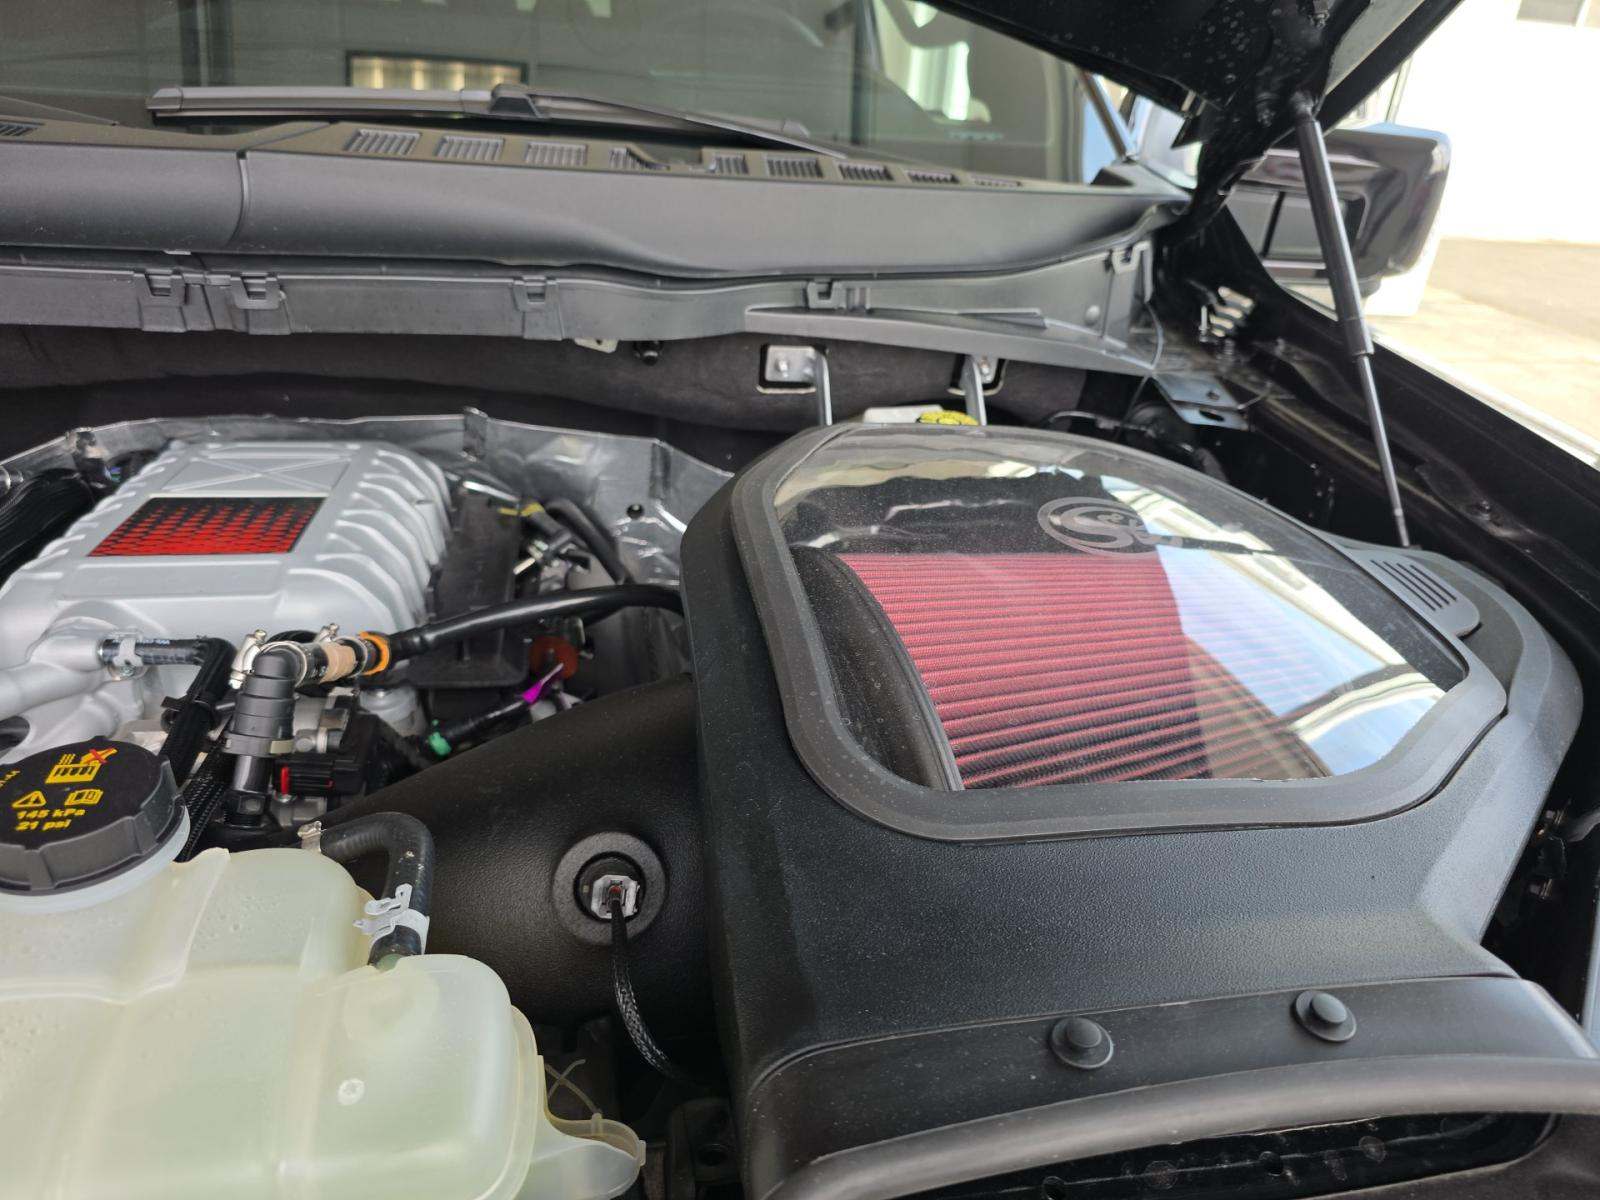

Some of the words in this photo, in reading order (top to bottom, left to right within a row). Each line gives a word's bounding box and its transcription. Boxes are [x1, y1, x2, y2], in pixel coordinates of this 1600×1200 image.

[52, 808, 86, 818] kPa
[16, 820, 39, 831] 21
[42, 819, 72, 831] psi
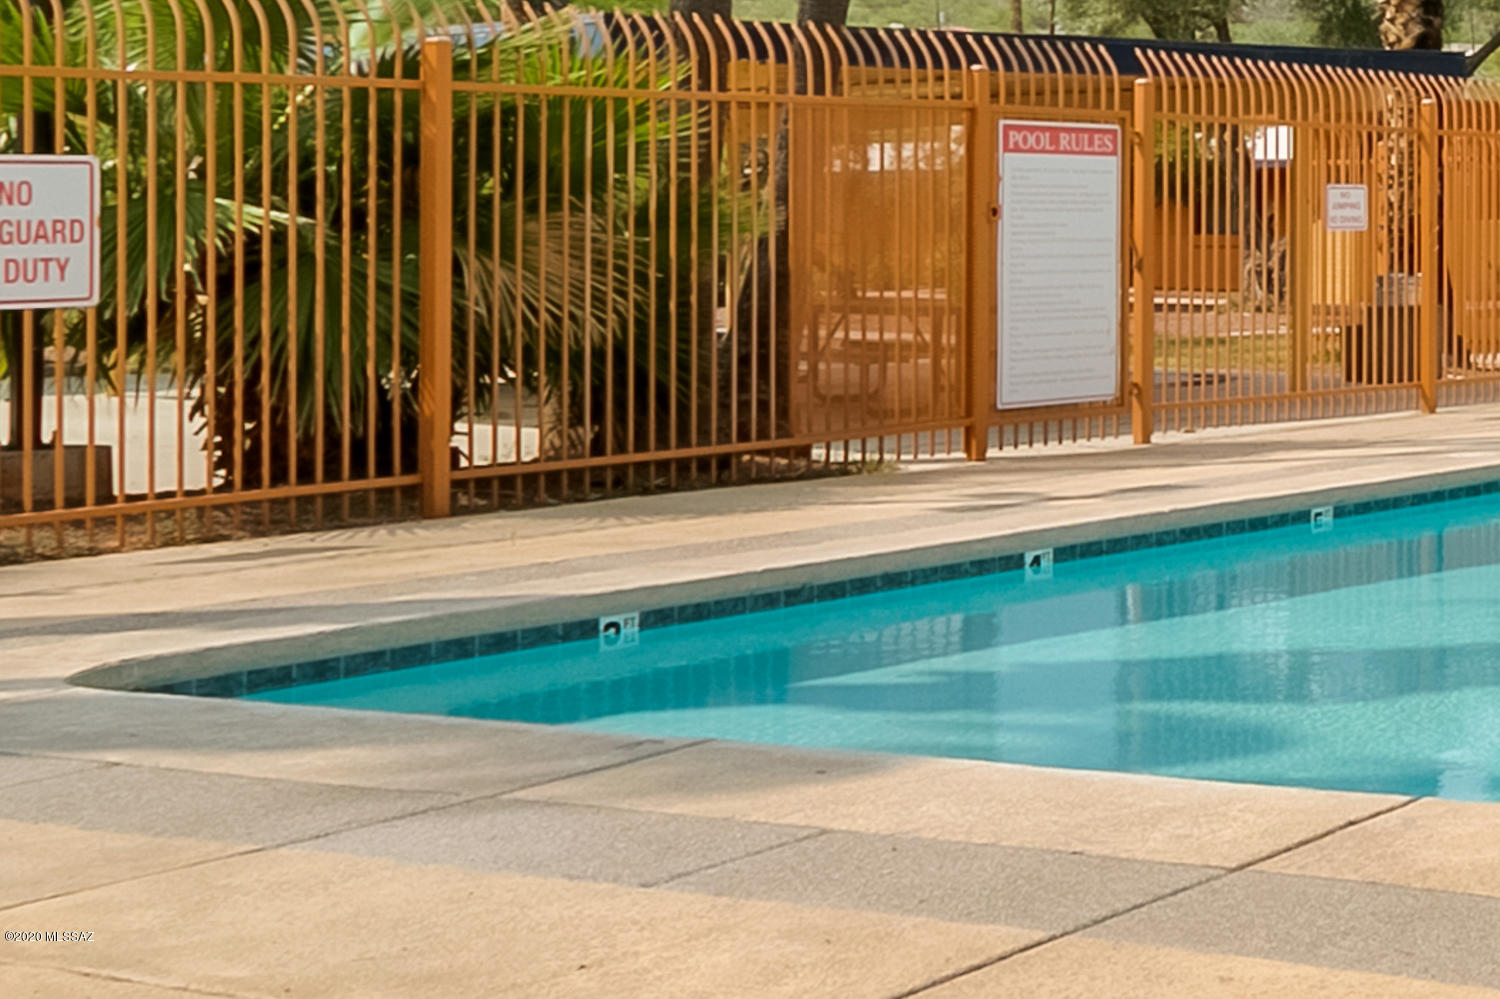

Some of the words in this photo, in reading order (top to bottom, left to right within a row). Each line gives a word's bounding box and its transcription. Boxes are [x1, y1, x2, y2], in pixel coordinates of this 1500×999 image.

[1008, 130, 1056, 150] POOL
[1060, 132, 1113, 152] RULES
[0, 180, 33, 206] NO
[0, 219, 84, 245] GUARD
[4, 257, 70, 284] DUTY
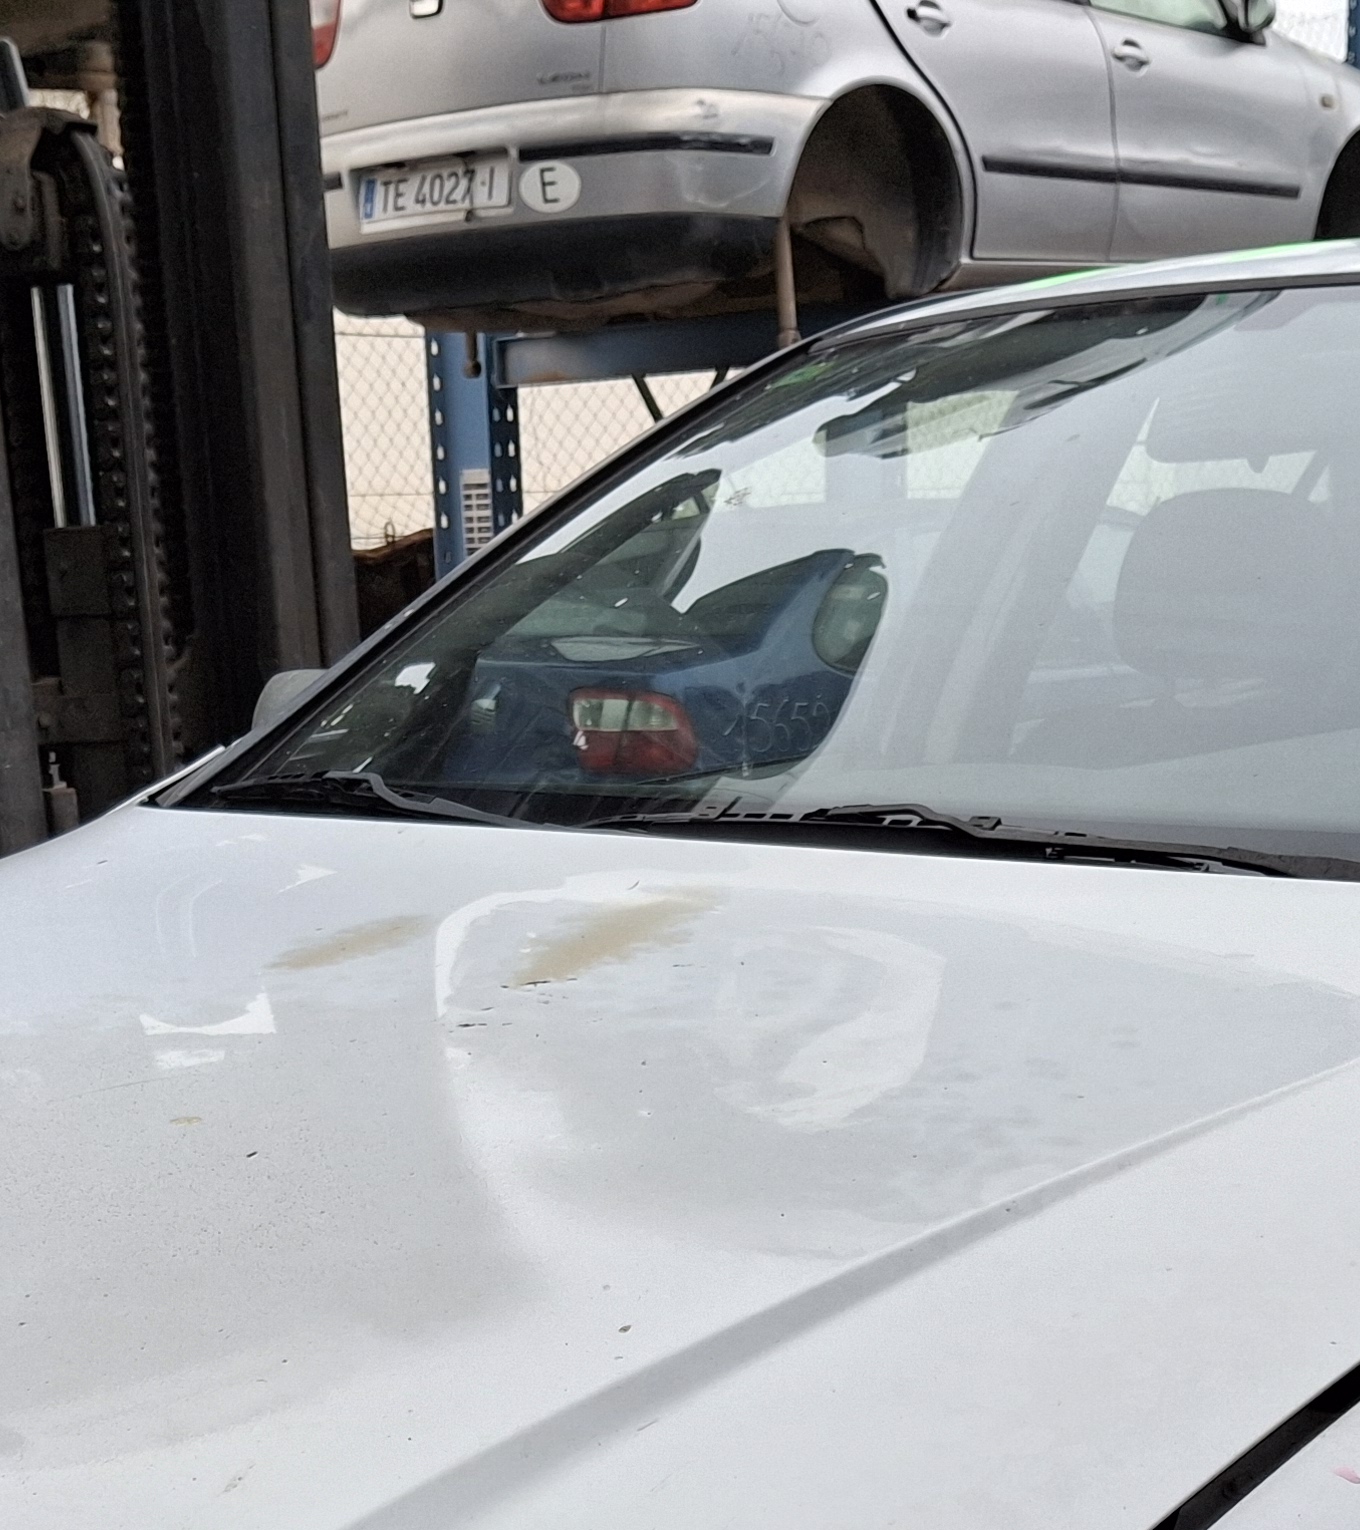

EXERCISE
The entries above need to be transcribed word for word, and the pictures stay out.

SOLVED PROBLEM
Some of the words in this photo, in reading order (top to bottom, left to right within a row). Each line gives a word's bounding box and its transcription. Boxes are [x1, y1, x2, y2], in pixel coordinates of this 1600×1200 image.

[52, 808, 86, 818] kPa
[16, 820, 39, 831] 21
[42, 819, 72, 831] psi

Some of the words in this photo, in reading order (top to bottom, left to right within a row). Each line gives a word's bounding box and its transcription. Boxes are [x1, y1, x2, y2], in pixel coordinates of this 1500×999 image.

[1008, 130, 1056, 150] POOL
[1060, 132, 1113, 152] RULES
[0, 180, 33, 206] NO
[0, 219, 84, 245] GUARD
[4, 257, 70, 284] DUTY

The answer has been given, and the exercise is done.